Dans un certain nombre d'études cas-témoins, on a examiné la relation entre la carence en folates et l'apparition d'une dysplasie cervicale 10-12. Butterworth et coll. ont étudié notamment des femmes en âge de procréer qui fréquentaient la clinique d'un service de santé de comté pour un examen médical courant ou pour des conseils dans le domaine de la planification familiale 3 . Toutes les femmes dont les frottis de Pap étaient anormaux ont été orientées vers une clinique de colposcopie, où a été pratiqué un second test de Pap de même qu'un examen gynécologique, un frottis pour la détection de pathogènes, un examen des produits de raclage pour la détection du VPH et des prélèvements sanguins en vue du dosage de 12 indices nutritionnels, dont les concentrations érythrocytaires de folates.

Il s'agissait de la première étude de ce type à mettre en évidence une interaction entre la concentration de folates et les facteurs de risque de dysplasie cervicale. Bien que le risque de dysplasie cervicale ne fut pas associé aux concentrations plasmatiques de nutriments, un faible taux érythrocytaire de folates contribuait à intensifier l'effet de l'infection par le VPH. Le rapport de cotes (ajusté) pour le VPH-16 s'établissait à 1,1 chez les femmes dont les concentrations de folates étaient supérieures à 660 nmol/L, mais atteignaient 5,1 (intervalle de confiance à 95 % [IC] = 2,3-11) chez les femmes qui présentaient des taux plus faibles.

Parmi tous les articles dépouillés, seule cette étude tentait de vérifier la classification des cas et des témoins. Les frottis provenant du centre de planification familiale qui étaient négatifs à la colposcopie ont été réévalués, et les faux positifs ont été exclus. Afin de réduire encore plus le risque de résultats faussement positifs, les cas qui ne présentaient pas de lésions visibles à la colposcopie ont également été exclus. Sur les 237 témoins potentiels, un a été reclassé parmi les cas et 66 ont été exclus en raison de données cytologiques ou colposcopiques non concluantes. Malheureusement, comme on n'a pas prélevé d'échantillons histologiques, il a été impossible d'évaluer la sensibilité et la spécificité des frottis de Pap.

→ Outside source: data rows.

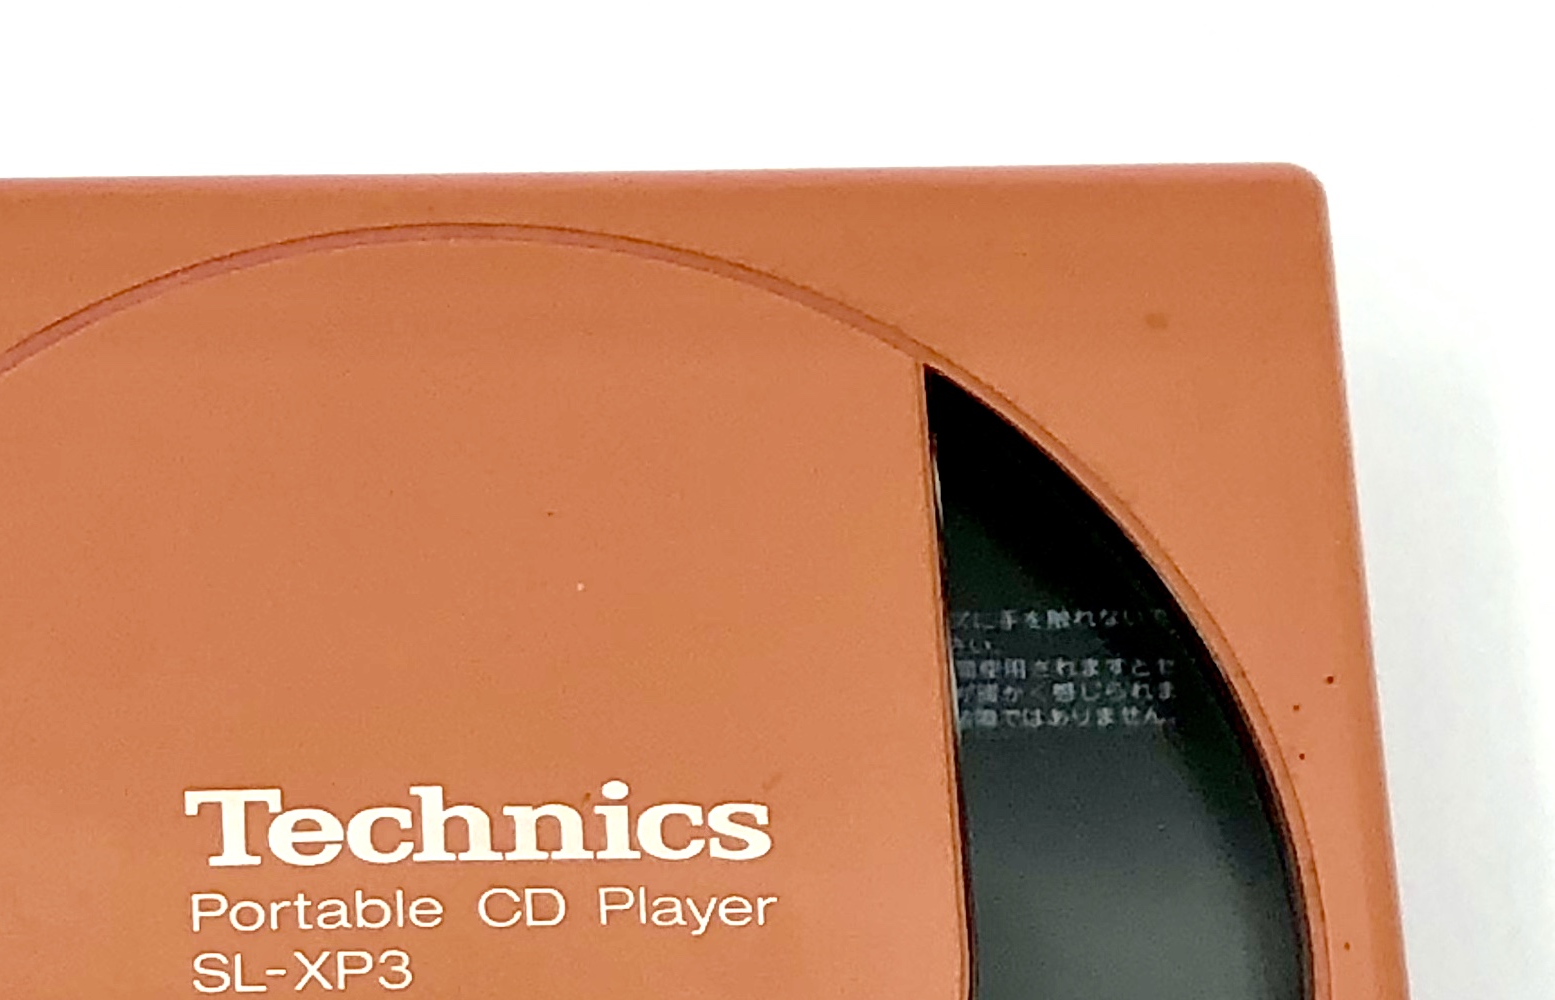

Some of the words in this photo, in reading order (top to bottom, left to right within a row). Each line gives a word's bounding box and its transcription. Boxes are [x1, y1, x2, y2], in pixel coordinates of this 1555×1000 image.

[184, 780, 772, 867] Technics
[191, 889, 444, 933] Portable
[477, 887, 566, 928] CD
[598, 886, 778, 936] Player
[192, 949, 413, 993] SL-XP3
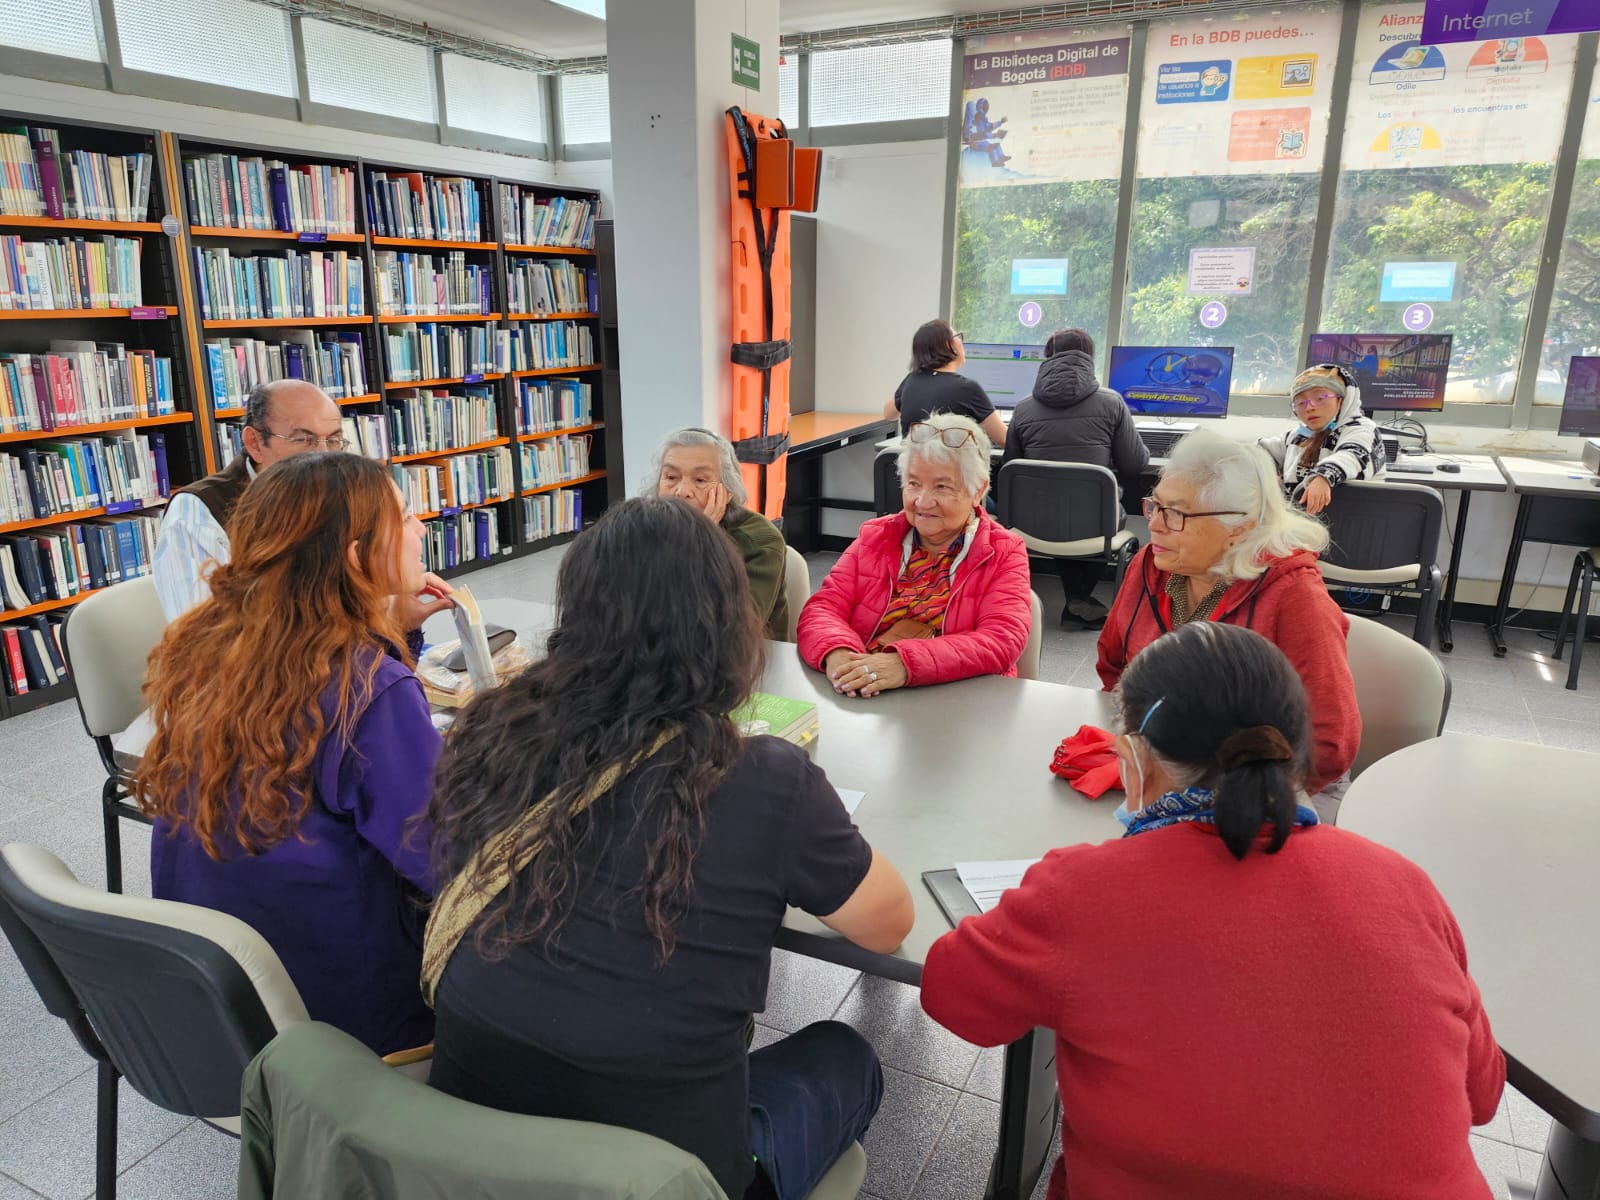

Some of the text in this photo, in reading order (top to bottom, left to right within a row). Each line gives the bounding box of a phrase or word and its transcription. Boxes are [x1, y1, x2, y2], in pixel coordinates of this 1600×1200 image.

[1378, 14, 1424, 27] Alianz
[1442, 8, 1534, 32] Internet
[1170, 26, 1315, 47] En la BDB puedes...
[1379, 32, 1422, 42] Descubr
[974, 44, 1119, 71] La Biblioteca Digital de
[1001, 63, 1087, 83] Bogotá (BDB)
[1467, 103, 1513, 113] encuentras
[1026, 308, 1034, 321] 1
[1207, 307, 1220, 321] 2
[1411, 309, 1425, 325] 3

VanEenwyk et coll. ont effectué une autre étude cas-témoins visant à évaluer le lien possible entre le CIN et les concentrations de folates dans le sérum, les globules rouges et le régime alimentaire 10. Ils ont également examiné l'association entre la vitamine C et le CIN. Après ajustement pour tenir compte des facteurs de confusion potentiels, ils ont découvert que les concentrations érythrocytaires de folate et de vitamine C exerçaient un effet protecteur. Ils ont divisé les taux de micronutriments en quartiles, le chiffre 4 désignant le quartile le plus élevé et 1, le plus faible. Pour ce qui est des concentrations érythrocytaires de folates, les rapports de cotes (avec intervalles de confiance à 95 %) après comparaison des quartiles 4, 3 et 2 avec le quartile 1 était 0,1 (0-0,4), 0,6 (0,2-2,0) et 0,5 (0,2-1,9), respectivement.

Dans le cas de la vitamine C, les rapports de cotes s'élevaient à 0,2 (0-0,7), à 0,6 (0,2-1,6) et à 0,6 (0,2-1,8), respectivement. Il faut user de prudence dans l'interprétation de ces résultats car les chercheurs n'ont pas éliminé le risque de biais de renvoi ou de non-réponse. Les cas comme les témoins ont été recrutés parmi la clientèle de deux services de consultations d'hôpitaux, et on ignore si ces patientes étaient représentatives de la communauté. Si les sujets étudiés se démarquent de la population dont ils font partie, alors les véritables effets des folates peuvent être soit sous-estimés soit surestimés.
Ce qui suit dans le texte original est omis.